Please retype all of the entries that follow, leaving the images out.
*** Excerpted data ***
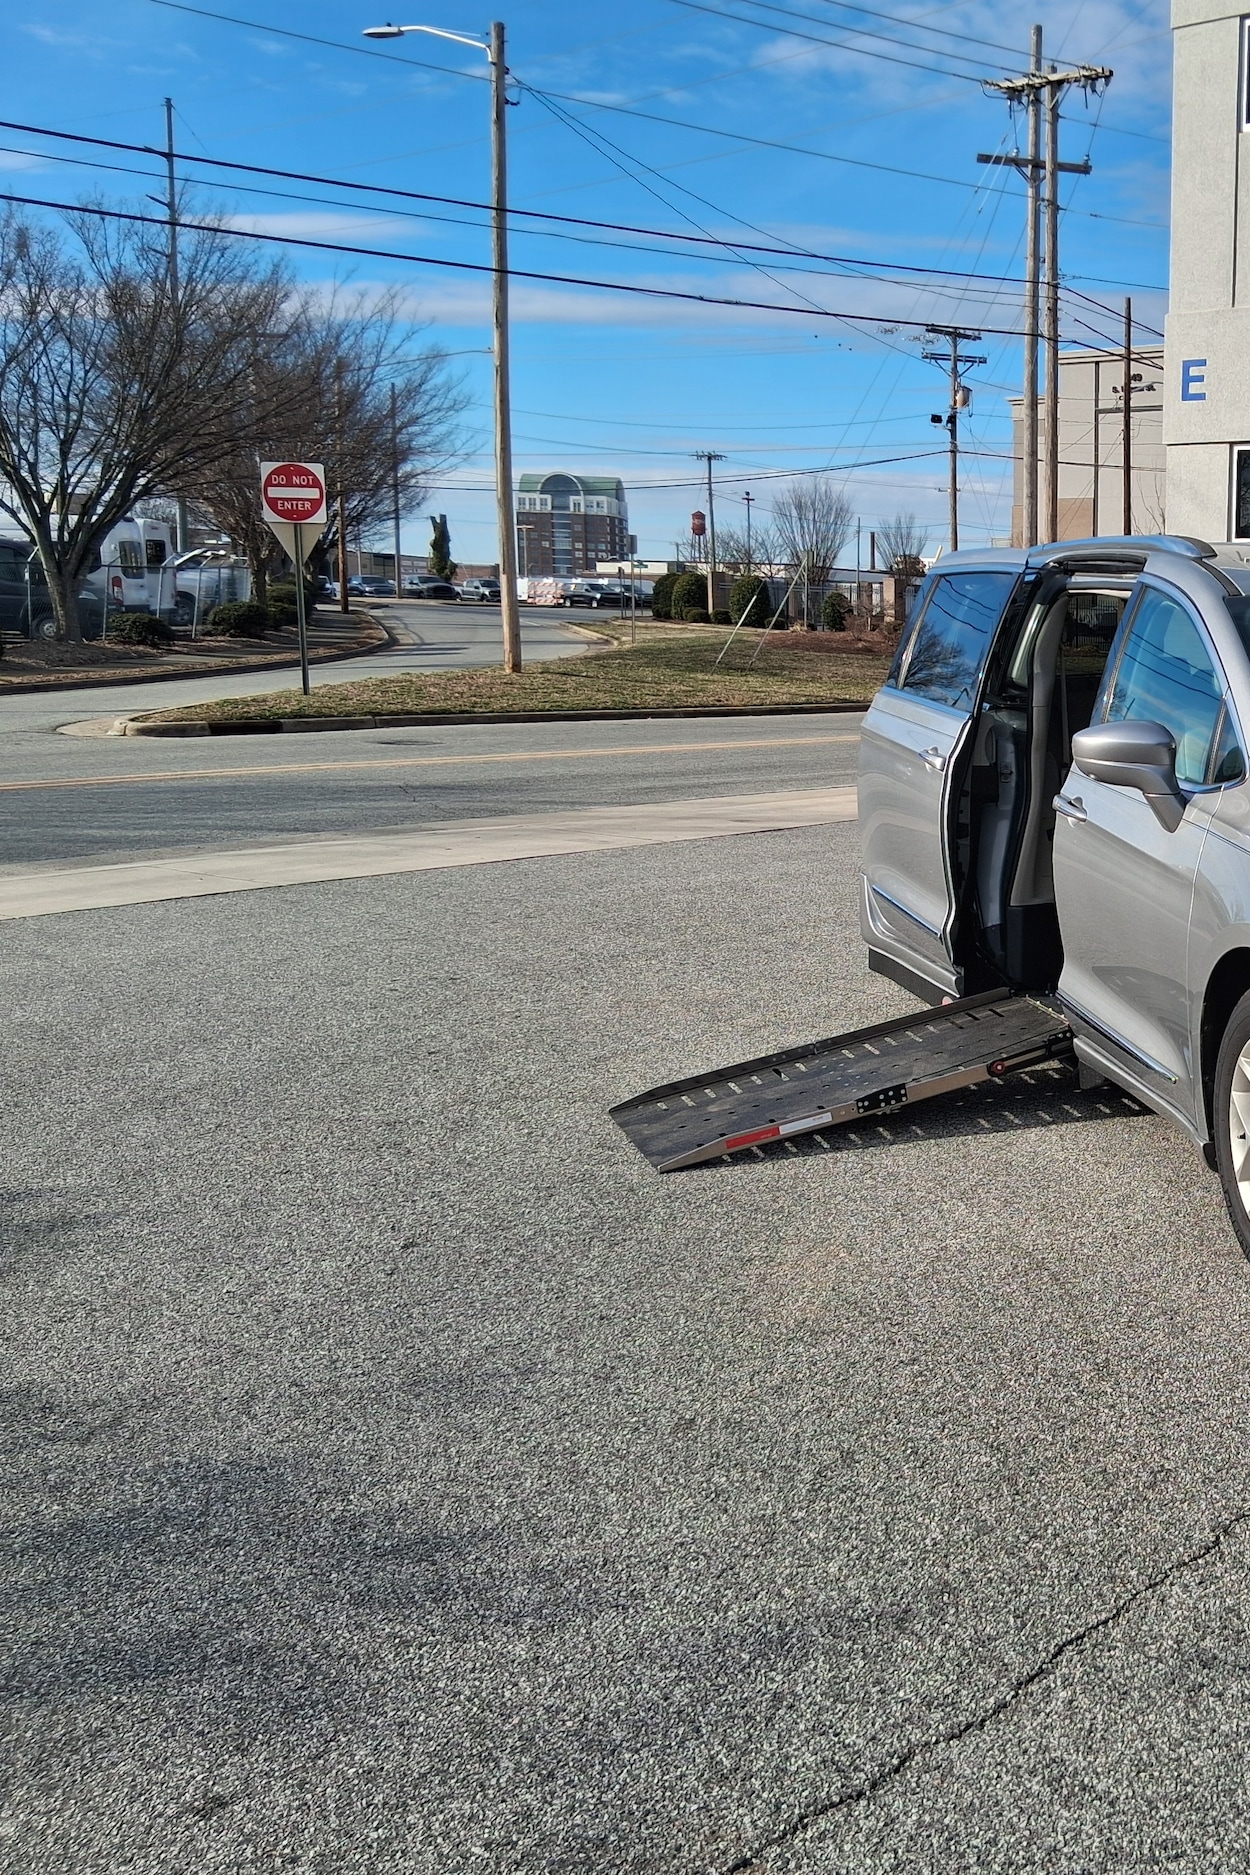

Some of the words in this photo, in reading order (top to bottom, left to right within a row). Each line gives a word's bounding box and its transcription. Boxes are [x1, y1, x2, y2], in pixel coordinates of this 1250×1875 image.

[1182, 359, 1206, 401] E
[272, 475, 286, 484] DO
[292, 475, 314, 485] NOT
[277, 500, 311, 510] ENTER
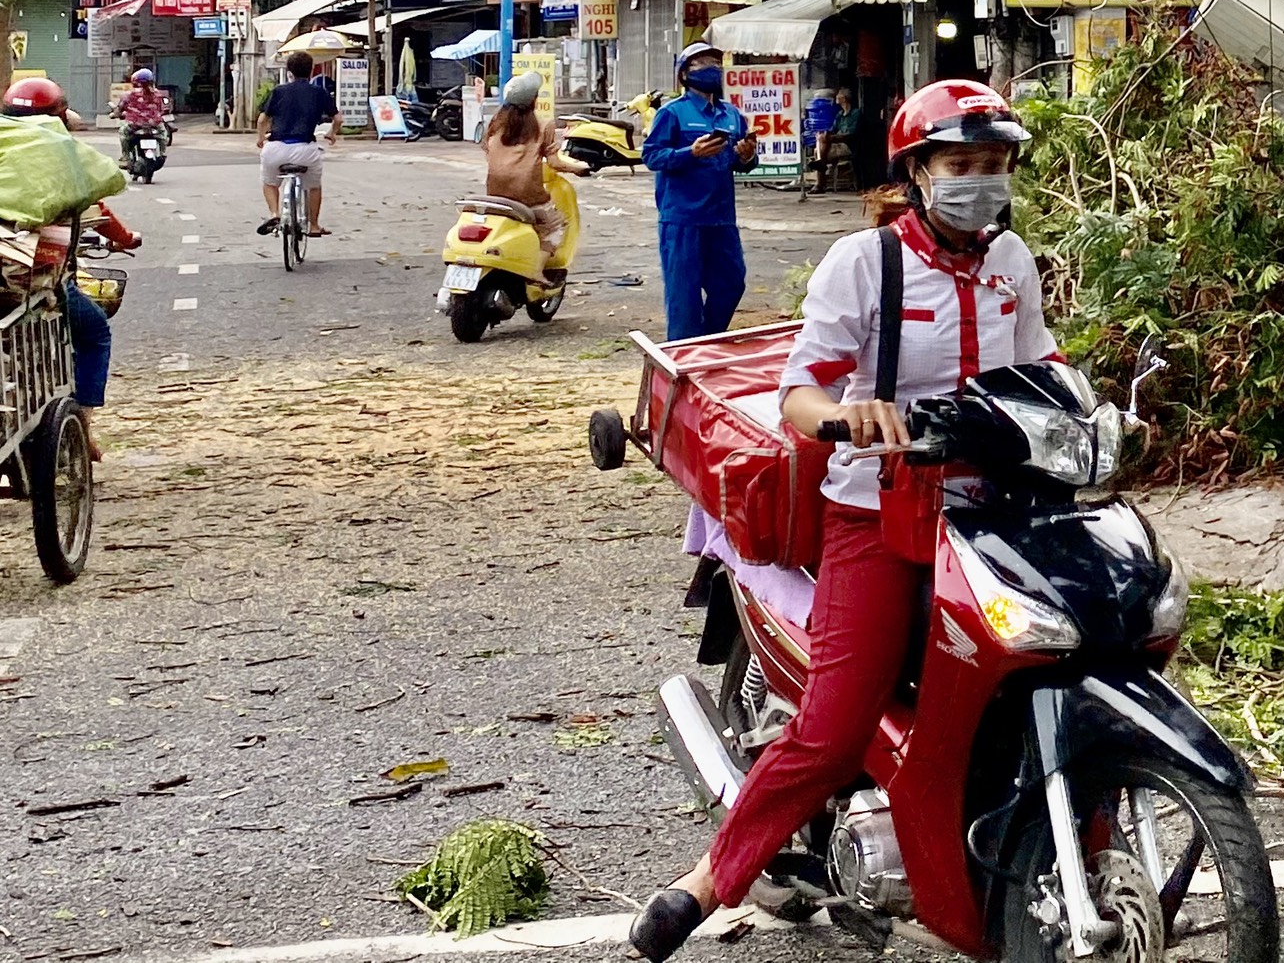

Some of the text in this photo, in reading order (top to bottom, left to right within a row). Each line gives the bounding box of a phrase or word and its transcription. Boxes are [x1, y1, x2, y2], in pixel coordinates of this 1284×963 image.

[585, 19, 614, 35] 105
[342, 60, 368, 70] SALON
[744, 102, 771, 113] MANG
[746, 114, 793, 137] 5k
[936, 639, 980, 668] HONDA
*** End of Excerpted data ***
__Finished task__:
Some of the words in this photo, in reading order (top to bottom, left to right within a row). Each line gives a word's bounding box and its transcription. Boxes are [x1, y1, x2, y2], in pixel coordinates of this 1250×1875 image.

[1182, 359, 1206, 401] E
[272, 475, 286, 484] DO
[292, 475, 314, 485] NOT
[277, 500, 311, 510] ENTER

Some of the text in this photo, in reading order (top to bottom, left to right within a row). Each line gives the bounding box of a phrase or word and its transcription. Boxes are [x1, y1, x2, y2], in pixel coordinates of this 1284×963 image.

[585, 19, 614, 35] 105
[342, 60, 368, 70] SALON
[744, 102, 771, 113] MANG
[746, 114, 793, 137] 5k
[936, 639, 980, 668] HONDA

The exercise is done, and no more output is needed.